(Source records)

● ● ●

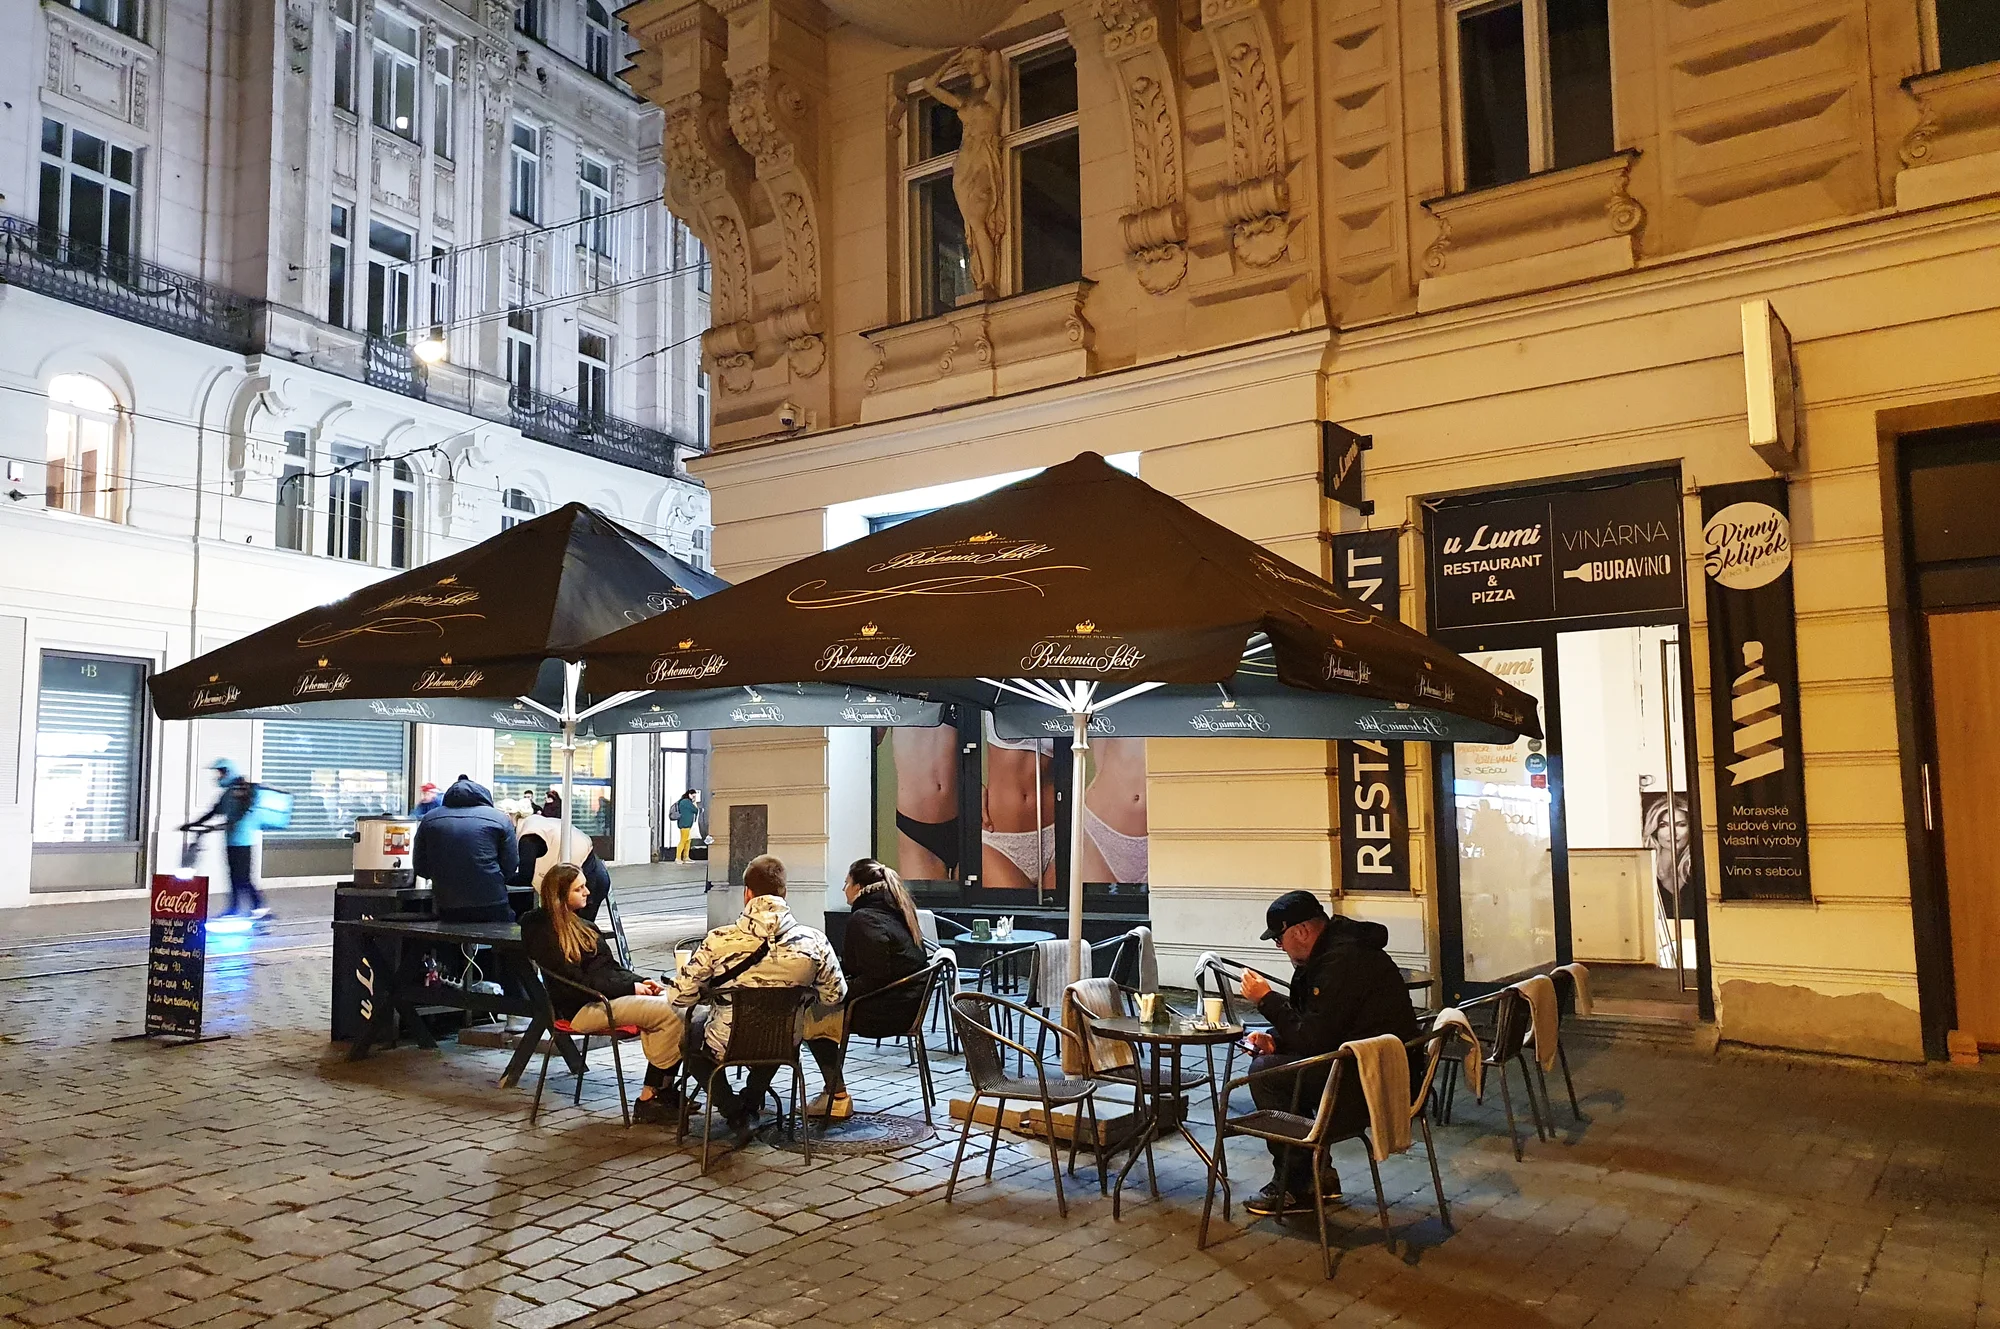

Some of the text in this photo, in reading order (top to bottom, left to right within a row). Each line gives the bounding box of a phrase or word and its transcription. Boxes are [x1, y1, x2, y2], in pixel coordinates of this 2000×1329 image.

[1443, 524, 1542, 554] u Lumi
[1562, 520, 1670, 551] VINÁRNA
[1443, 553, 1542, 576] RESTAURANT
[1487, 575, 1498, 586] &
[1472, 589, 1515, 604] PIZZA
[815, 643, 917, 672] Bohemia Sekt
[1020, 641, 1146, 672] Bohemia Sekt
[646, 654, 728, 685] Bohemia Sekt
[412, 670, 457, 691] Bohemia
[1732, 805, 1789, 816] Moravské
[1726, 819, 1797, 831] sudové víno
[1723, 834, 1802, 847] vlastní výroby
[1754, 867, 1762, 876] s
[1765, 866, 1802, 877] sebou

● ● ●

What is required: Retype every record as it stands. None of the pictures should appear.

Exercise solution:
Some of the text in this photo, in reading order (top to bottom, left to right within a row). Each line gives the bounding box of a phrase or word and its transcription. Boxes are [x1, y1, x2, y2], in pixel coordinates of this 2000×1329 image.

[1443, 524, 1542, 554] u Lumi
[1562, 520, 1670, 551] VINÁRNA
[1443, 553, 1542, 576] RESTAURANT
[1487, 575, 1498, 586] &
[1472, 589, 1515, 604] PIZZA
[815, 643, 917, 672] Bohemia Sekt
[1020, 641, 1146, 672] Bohemia Sekt
[646, 654, 728, 685] Bohemia Sekt
[412, 670, 457, 691] Bohemia
[1732, 805, 1789, 816] Moravské
[1726, 819, 1797, 831] sudové víno
[1723, 834, 1802, 847] vlastní výroby
[1754, 867, 1762, 876] s
[1765, 866, 1802, 877] sebou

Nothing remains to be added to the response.